Kubernetes Networking Deep Dive: Surviving the Packet Jungle in 2019
Let’s be honest: Kubernetes networking is where 90% of your production outages are hiding. You can have the most elegant microservices architecture in Oslo, but if your CNI plugin misfires or your Ingress controller chokes on headers, you're just burning cash on idle CPU cycles. I’ve spent the last six months migrating a high-traffic fintech platform from bare metal to K8s v1.15, and the networking layer was the only thing that kept me up at night.
Most VPS providers sell you "cloud" but deliver over-provisioned shared networking that creates unpredictable latency spikes. When you are running a distributed system, latency isn't just an annoyance; it’s a failure state. If your etcd cluster encounters high I/O wait times or network lag, the whole cluster leader election fails. Game over.
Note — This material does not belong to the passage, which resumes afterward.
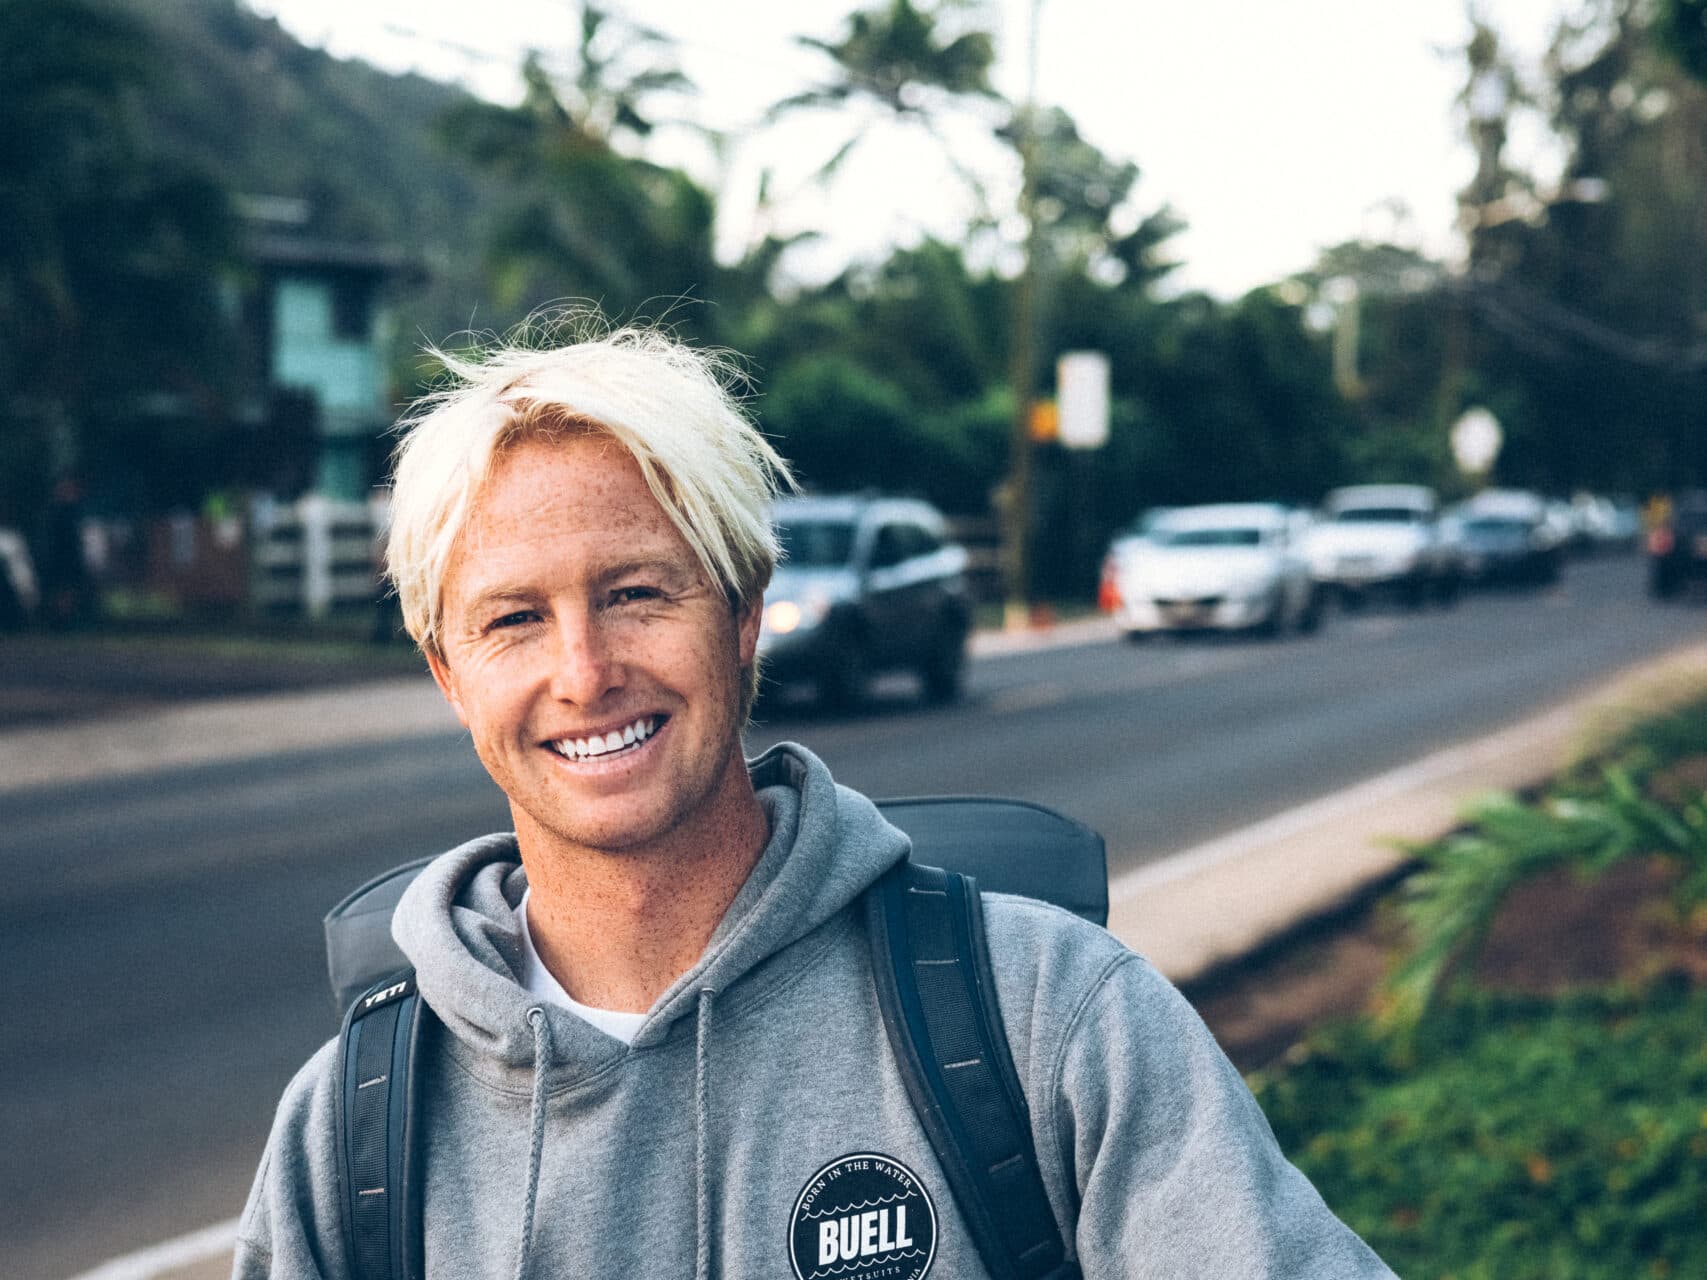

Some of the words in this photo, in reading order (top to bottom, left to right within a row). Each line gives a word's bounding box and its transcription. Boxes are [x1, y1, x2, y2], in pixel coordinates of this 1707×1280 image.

This is a deep dive into the plumbing of Kubernetes networking, focusing on stability, performance, and why the underlying hardware—specifically KVM-based virtualization like we use at CoolVDS—is the only way to run this reliably.
The CNI Battlefield: Flannel vs. Calico
Choosing a Container Network Interface (CNI) is the first decision that will haunt you later if you get it wrong. In late 2019, we are seeing two primary contenders for serious production workloads: Flannel and Calico.
Flannel is simple. It uses VXLAN to encapsulate packets. It works, but that encapsulation adds overhead. On a standard VPS with "noisy neighbors," that CPU overhead for packet processing adds up. Suddenly, your high-throughput API is losing 15% performance just wrapping and unwrapping packets.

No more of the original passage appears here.